The ink wash came next, several washes of my usual mixture of black and dark brown to bring out the detail. I added several runs to show weathering on the vertical surfaces and around exposed bolts. I completed the wash over several days, waiting for coats to dry and adding more where needed. As I’ve said before you can do as much or as little as you want. Once I was sure it was dry I did the detailing , the tools, guns, etc. The guns were painted with gunmetal and given a coat of Tamiya Smoke paint, this acts like a wash but is thick so it doesn’t run and is great on metallic items. All this was sealed with a layer of matt cote. This dulls washes down, which can be handy if you think you’ve gone a bit overboard or may mean you might need to redo a few bits slightly darker.

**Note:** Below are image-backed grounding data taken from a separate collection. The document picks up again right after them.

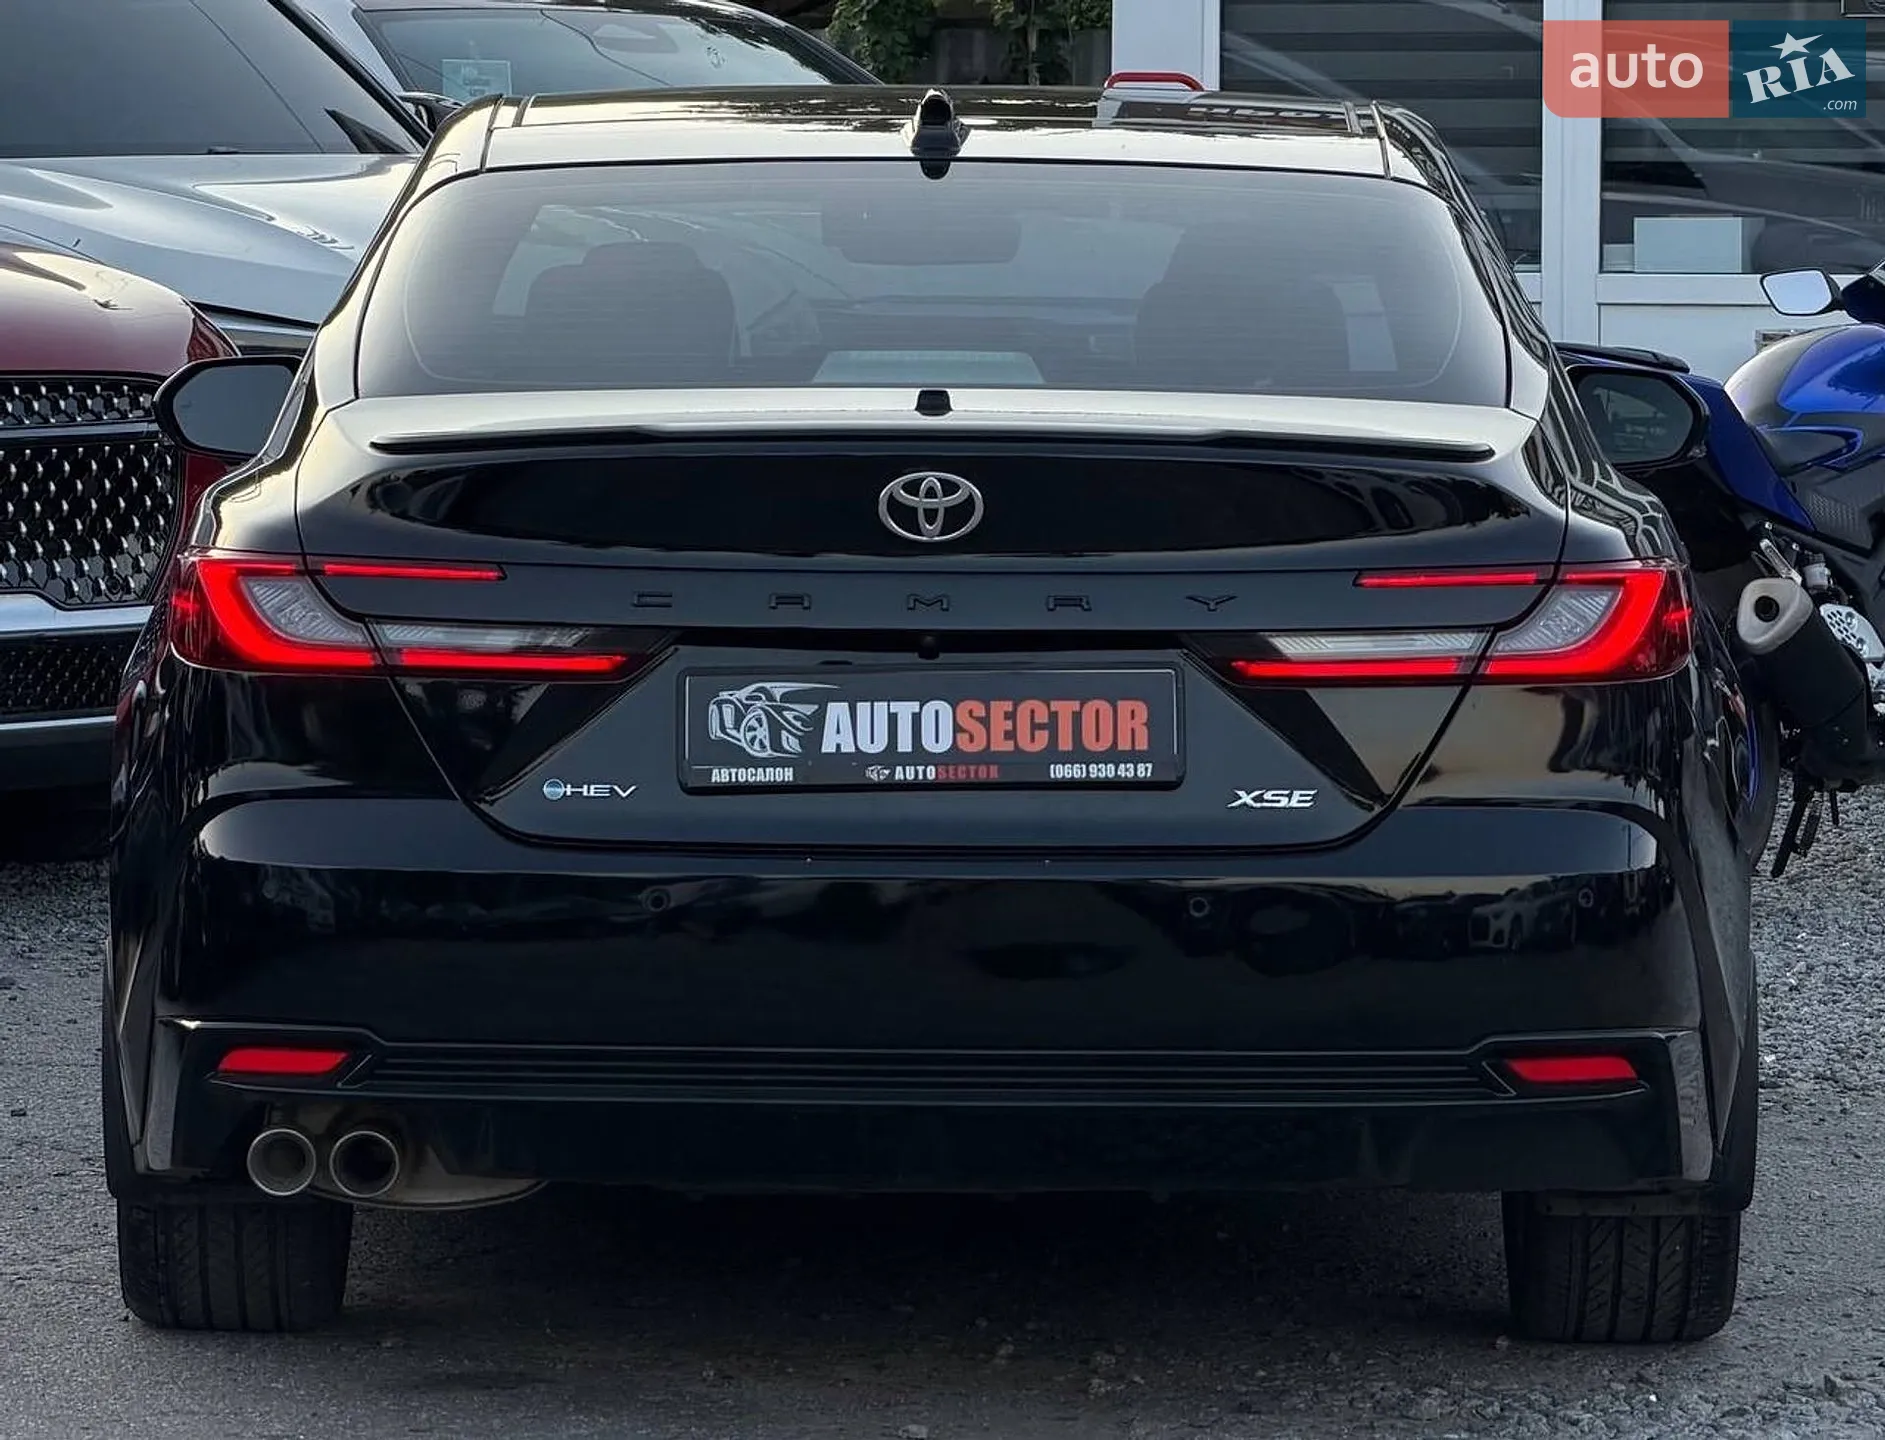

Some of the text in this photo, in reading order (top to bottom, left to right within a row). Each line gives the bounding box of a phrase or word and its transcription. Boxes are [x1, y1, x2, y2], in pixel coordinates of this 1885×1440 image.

[820, 699, 1149, 754] AUTOSECTOR
[711, 767, 794, 782] АВТОСАЛОН
[1049, 763, 1153, 778] (066) 930 43 87
[1227, 789, 1318, 808] XSE
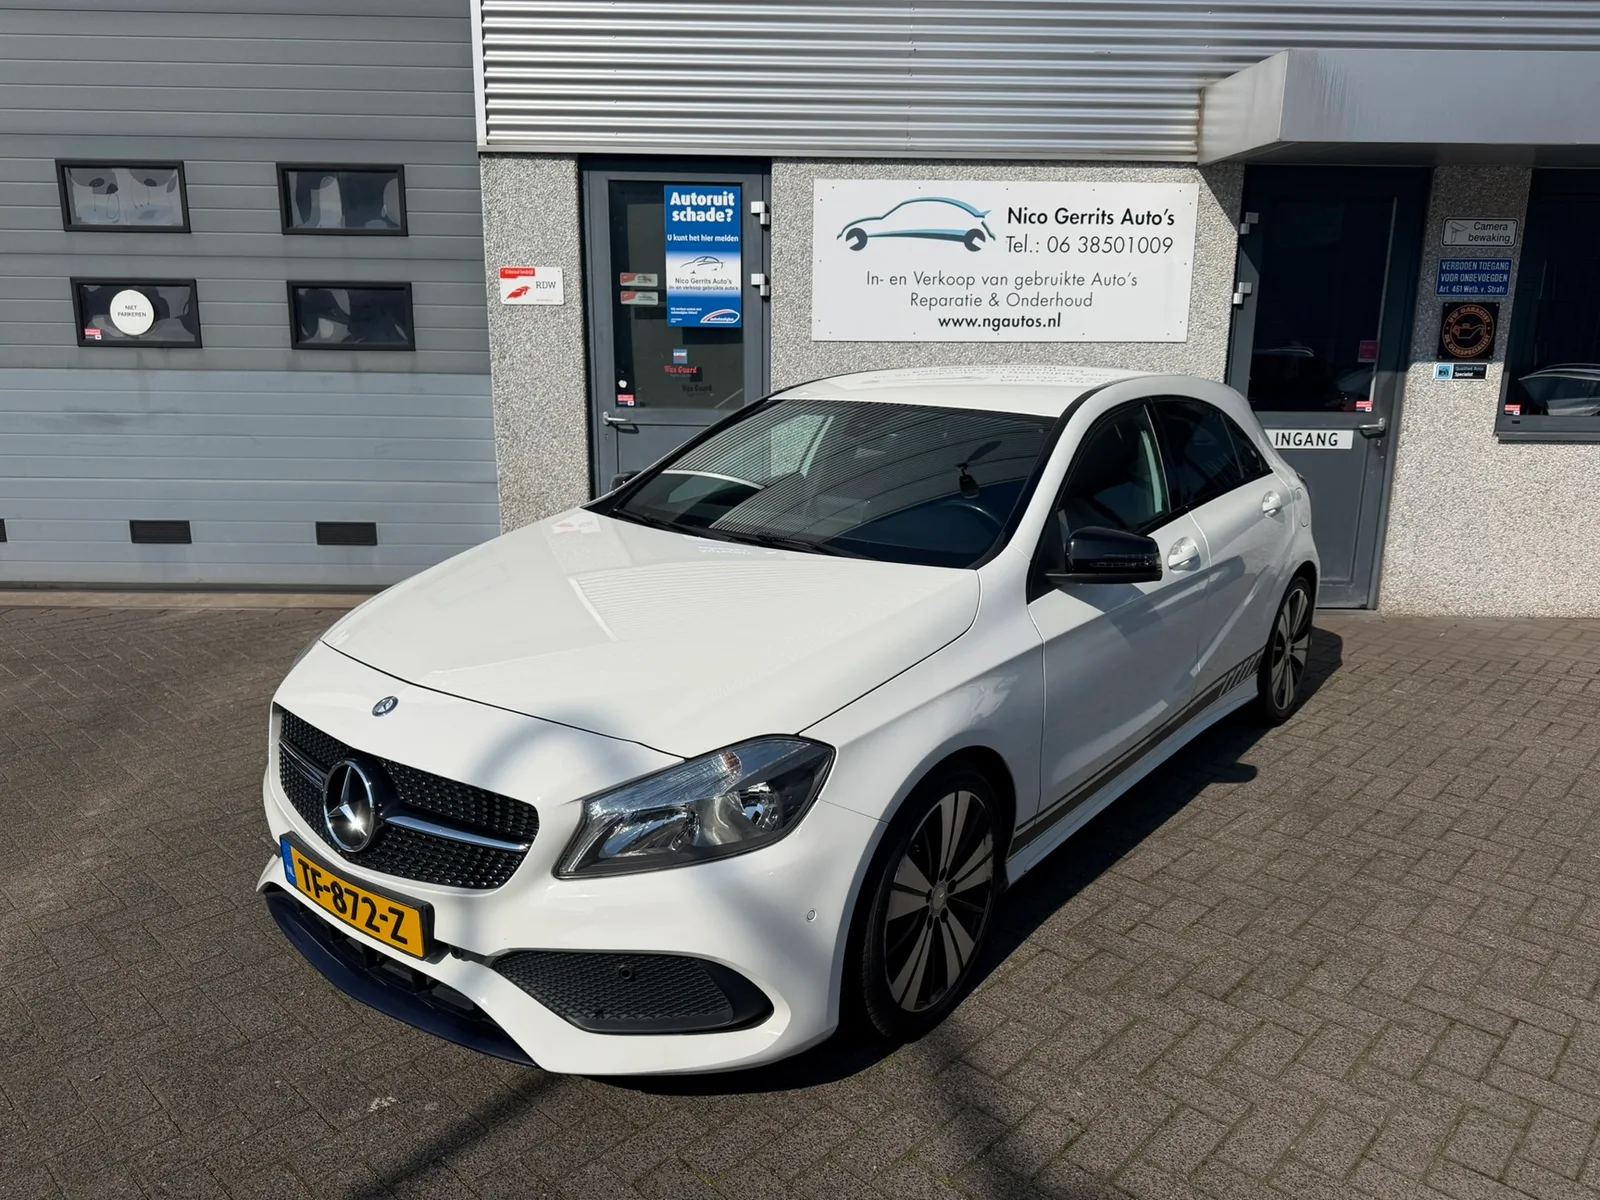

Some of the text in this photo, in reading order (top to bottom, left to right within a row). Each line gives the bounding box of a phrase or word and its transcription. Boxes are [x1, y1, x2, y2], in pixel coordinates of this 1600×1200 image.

With the matt cote done it was time for a dry brush to highlight raised areas. I don’t do as much of this on real vehicles as fantasy ones, as it can look unrealistic. With this model I wasn’t too worried, so with a nice shade of Bleached Bone to-hand I gave it quite a heavy dry brush and lined the sharp edges. The kit is quite roughly cast so the dry brushing blended the different shades quite well. On really smooth surfaces dry brushing can leave streaks so it is best just to highlight the edges.
Once I was happy with the dry brushing I started on the paint chips and scuffs. These were painted using a nice dark panzer grey. Games Workshop tends to use silver for this on their vehicles. As this a fantasy subject either is acceptable. I opted for the darker grey, as it gives a better contrast to the sand colour of the vehicle. As explained before these should be as realistic as possible e.g. where the vehicle will hit things, where crewmen will clamber over the vehicle and where the weather will wear paint. Desert sand has a great ability to remove paint from any surface. I chipped decals away too to show the sand paint underneath and added chips to them too. On really battered areas, especially at the front I used a soft pencil to give the surface a metallic sheen. After several evenings of making the vehicle look battered I stopped and got out my trusty MIG Desert Storm sand pigment and gave to whole vehicle a dusting, especially the rubber tyres. From reference pictures tyres tend to be streaked from the hubs out. So I tried this and I think it came out OK.
As with everything in life it is a learning curve and having been doing models again for about a year after a long layoff, I still have plenty to learn, and, yes, Dale, one day I might just buy that airbrush!
I stopped before I got carried away with the dusting, I didn’t want to smother the legible decals. The only problem with these pigments is they come off in your hands so until I get the case done the VAB will live in a box! Coming out only for a guest appearance at the competition night.
For my next military project, I will (if I remember) take pictures of every stage of the model.